### LISTED RECORDS
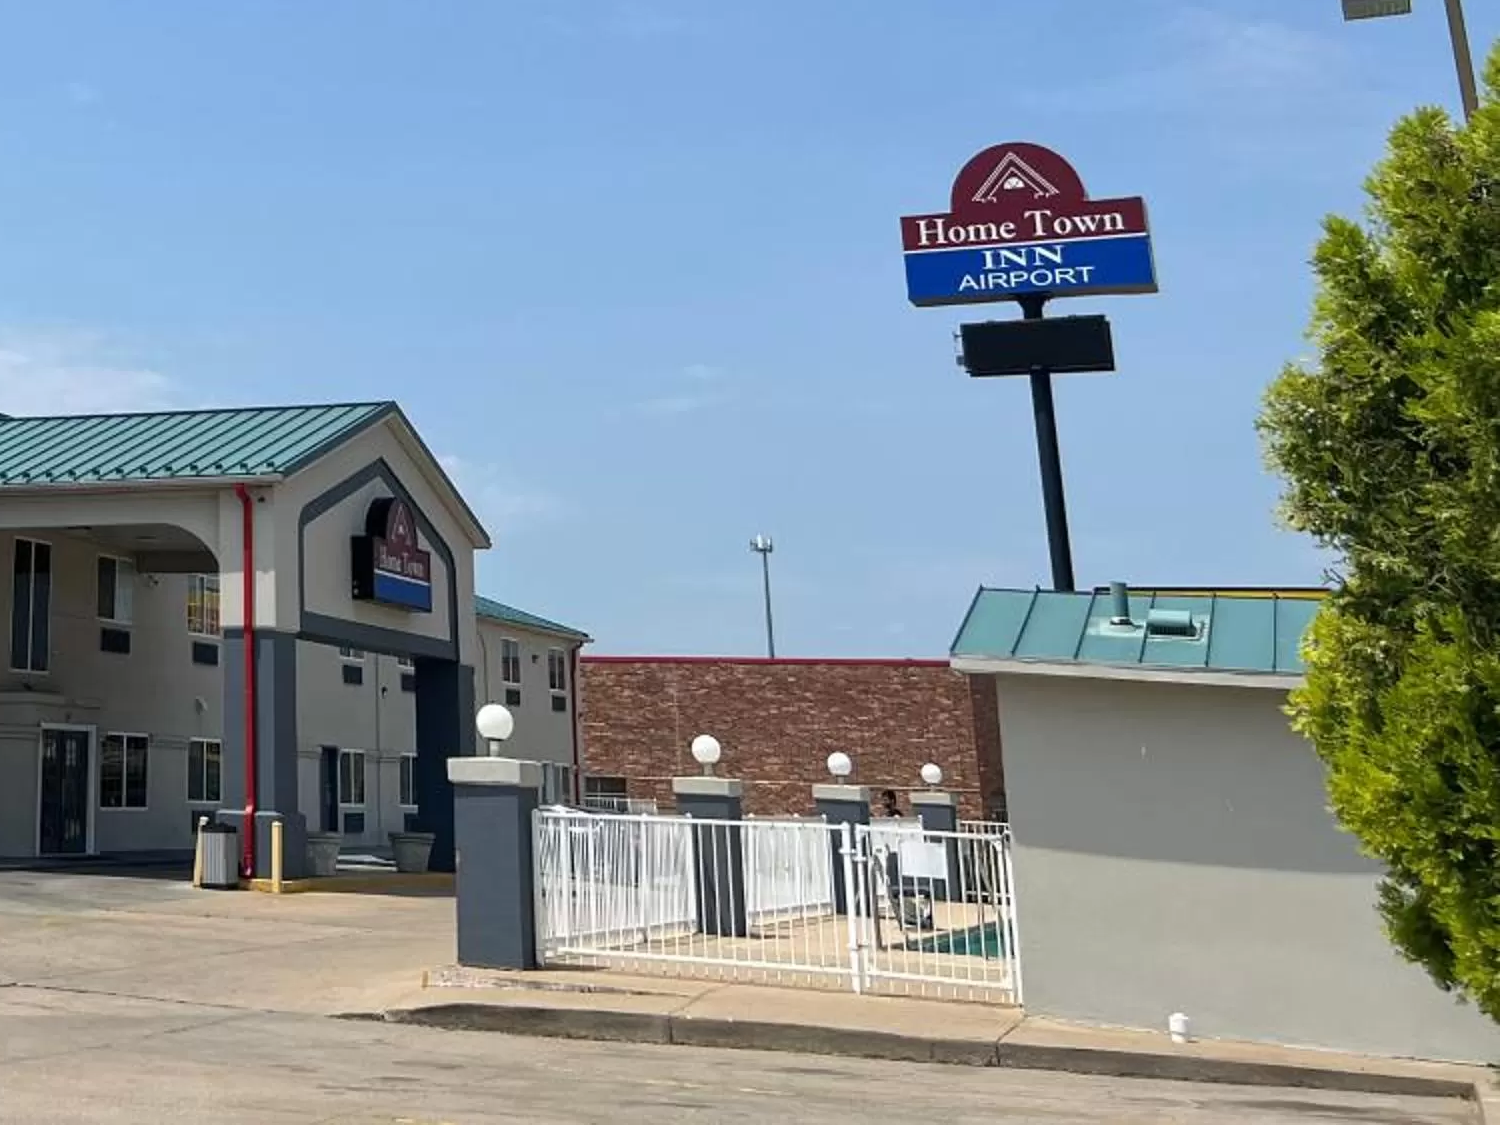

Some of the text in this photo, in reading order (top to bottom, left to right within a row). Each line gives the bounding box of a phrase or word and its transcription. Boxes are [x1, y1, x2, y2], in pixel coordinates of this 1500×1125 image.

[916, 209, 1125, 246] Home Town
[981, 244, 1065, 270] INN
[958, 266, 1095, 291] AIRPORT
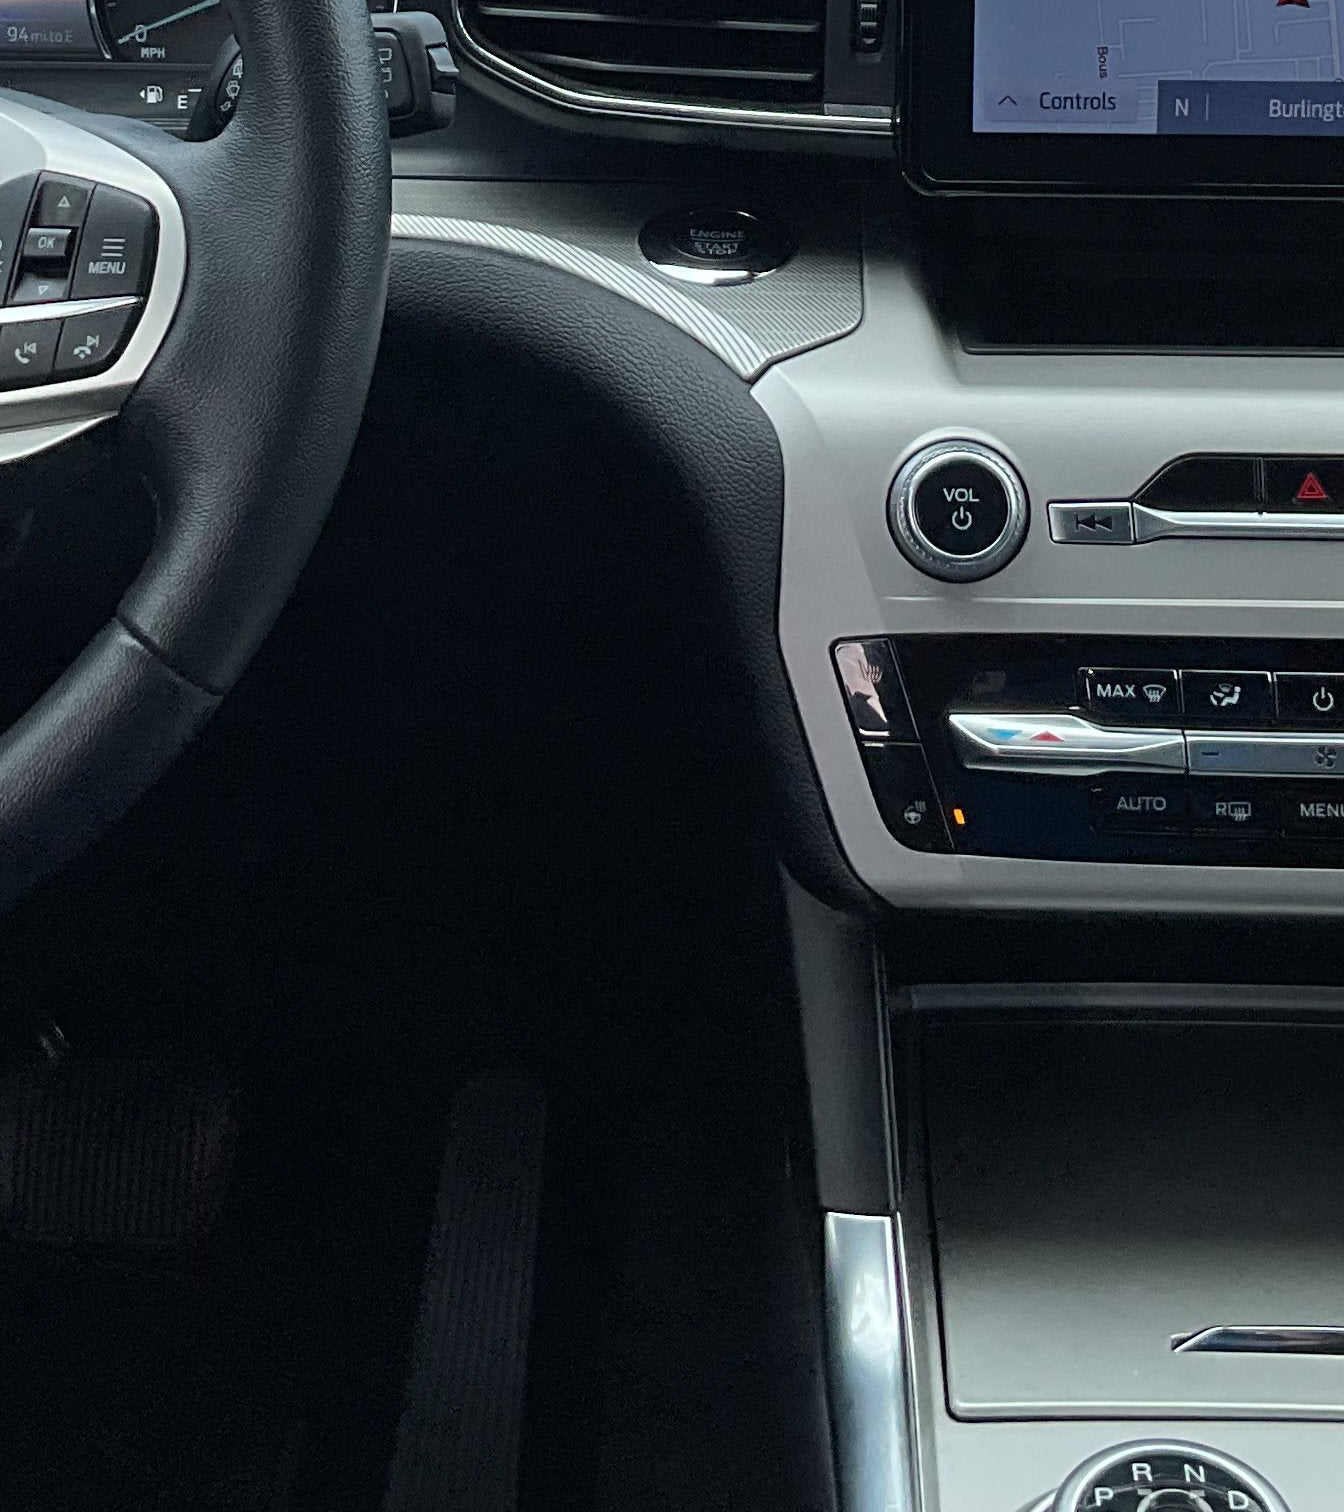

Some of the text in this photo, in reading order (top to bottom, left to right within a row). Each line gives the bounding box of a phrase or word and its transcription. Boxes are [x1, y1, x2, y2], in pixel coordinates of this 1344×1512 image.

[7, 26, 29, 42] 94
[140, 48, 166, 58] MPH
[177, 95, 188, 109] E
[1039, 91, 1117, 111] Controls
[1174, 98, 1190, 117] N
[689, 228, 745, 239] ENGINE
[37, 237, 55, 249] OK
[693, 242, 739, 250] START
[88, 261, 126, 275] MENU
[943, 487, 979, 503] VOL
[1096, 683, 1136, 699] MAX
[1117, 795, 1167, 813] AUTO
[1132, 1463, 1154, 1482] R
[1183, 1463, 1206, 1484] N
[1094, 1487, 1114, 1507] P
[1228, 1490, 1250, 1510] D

### EXERCISE INSTRUCTIONS
Return the material above verbatim. Pictures are to be excluded.

### TASK ANSWER
Some of the text in this photo, in reading order (top to bottom, left to right within a row). Each line gives the bounding box of a phrase or word and its transcription. Boxes are [x1, y1, x2, y2], in pixel coordinates of this 1500×1125 image.

[916, 209, 1125, 246] Home Town
[981, 244, 1065, 270] INN
[958, 266, 1095, 291] AIRPORT

Some of the text in this photo, in reading order (top to bottom, left to right within a row). Each line gives the bounding box of a phrase or word and its transcription. Boxes are [x1, y1, x2, y2], in pixel coordinates of this 1344×1512 image.

[7, 26, 29, 42] 94
[140, 48, 166, 58] MPH
[177, 95, 188, 109] E
[1039, 91, 1117, 111] Controls
[1174, 98, 1190, 117] N
[689, 228, 745, 239] ENGINE
[37, 237, 55, 249] OK
[693, 242, 739, 250] START
[88, 261, 126, 275] MENU
[943, 487, 979, 503] VOL
[1096, 683, 1136, 699] MAX
[1117, 795, 1167, 813] AUTO
[1132, 1463, 1154, 1482] R
[1183, 1463, 1206, 1484] N
[1094, 1487, 1114, 1507] P
[1228, 1490, 1250, 1510] D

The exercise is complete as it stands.